- What to do -
All of the records below should be retyped exactly, with no pictures included.

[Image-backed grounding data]
※ ※ ※
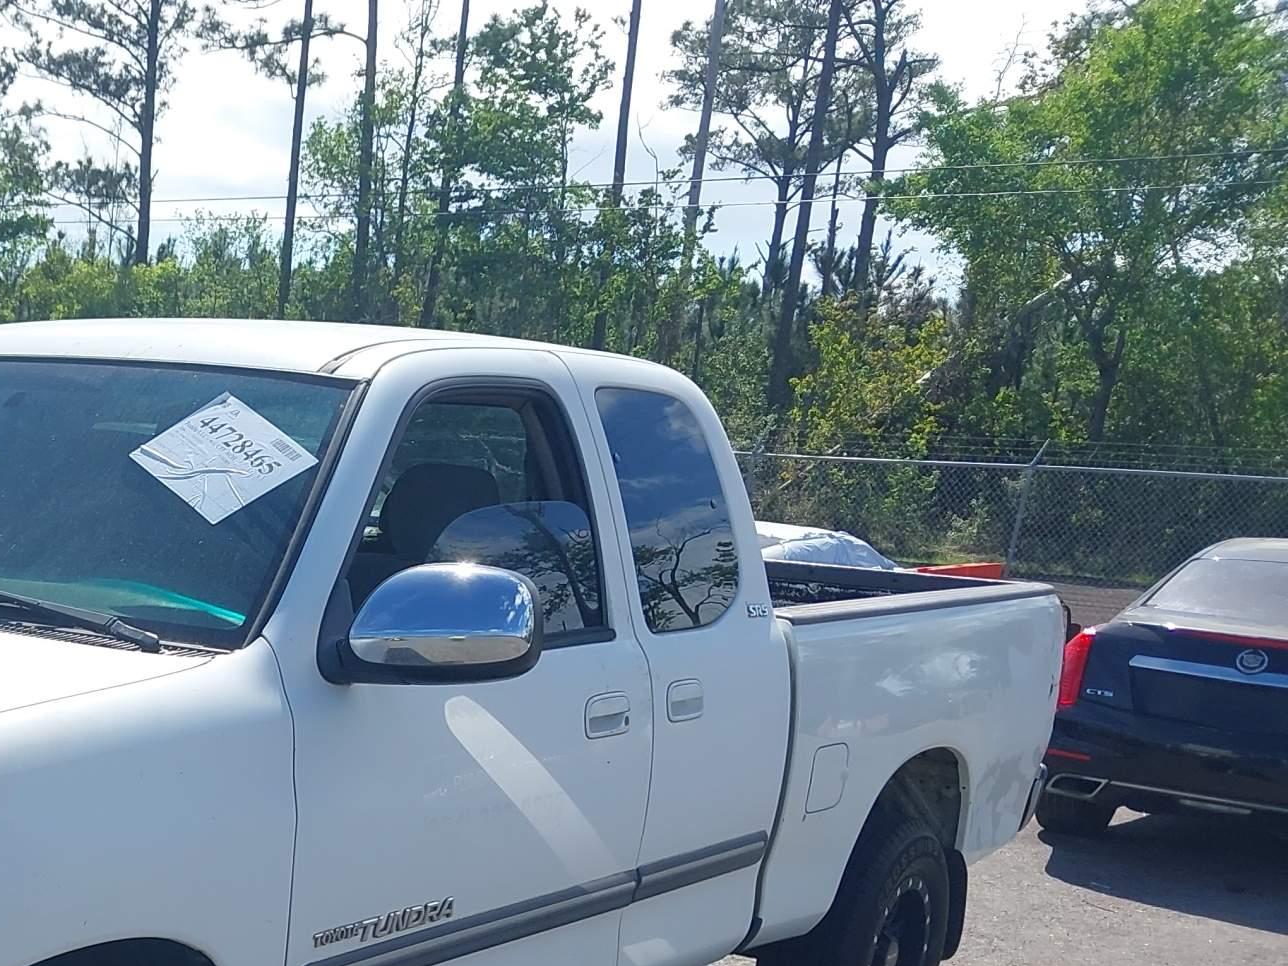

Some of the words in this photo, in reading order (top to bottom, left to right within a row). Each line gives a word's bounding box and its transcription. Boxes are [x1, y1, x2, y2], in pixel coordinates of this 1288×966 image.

[199, 416, 282, 475] 44728465
[1086, 688, 1114, 697] CTS
[313, 923, 359, 948] TOYOTA
[359, 896, 454, 942] TUNDRA
※ ※ ※
- Task answer -
Some of the words in this photo, in reading order (top to bottom, left to right within a row). Each line gives a word's bounding box and its transcription. Boxes are [x1, y1, x2, y2], in pixel coordinates of this 1288×966 image.

[199, 416, 282, 475] 44728465
[1086, 688, 1114, 697] CTS
[313, 923, 359, 948] TOYOTA
[359, 896, 454, 942] TUNDRA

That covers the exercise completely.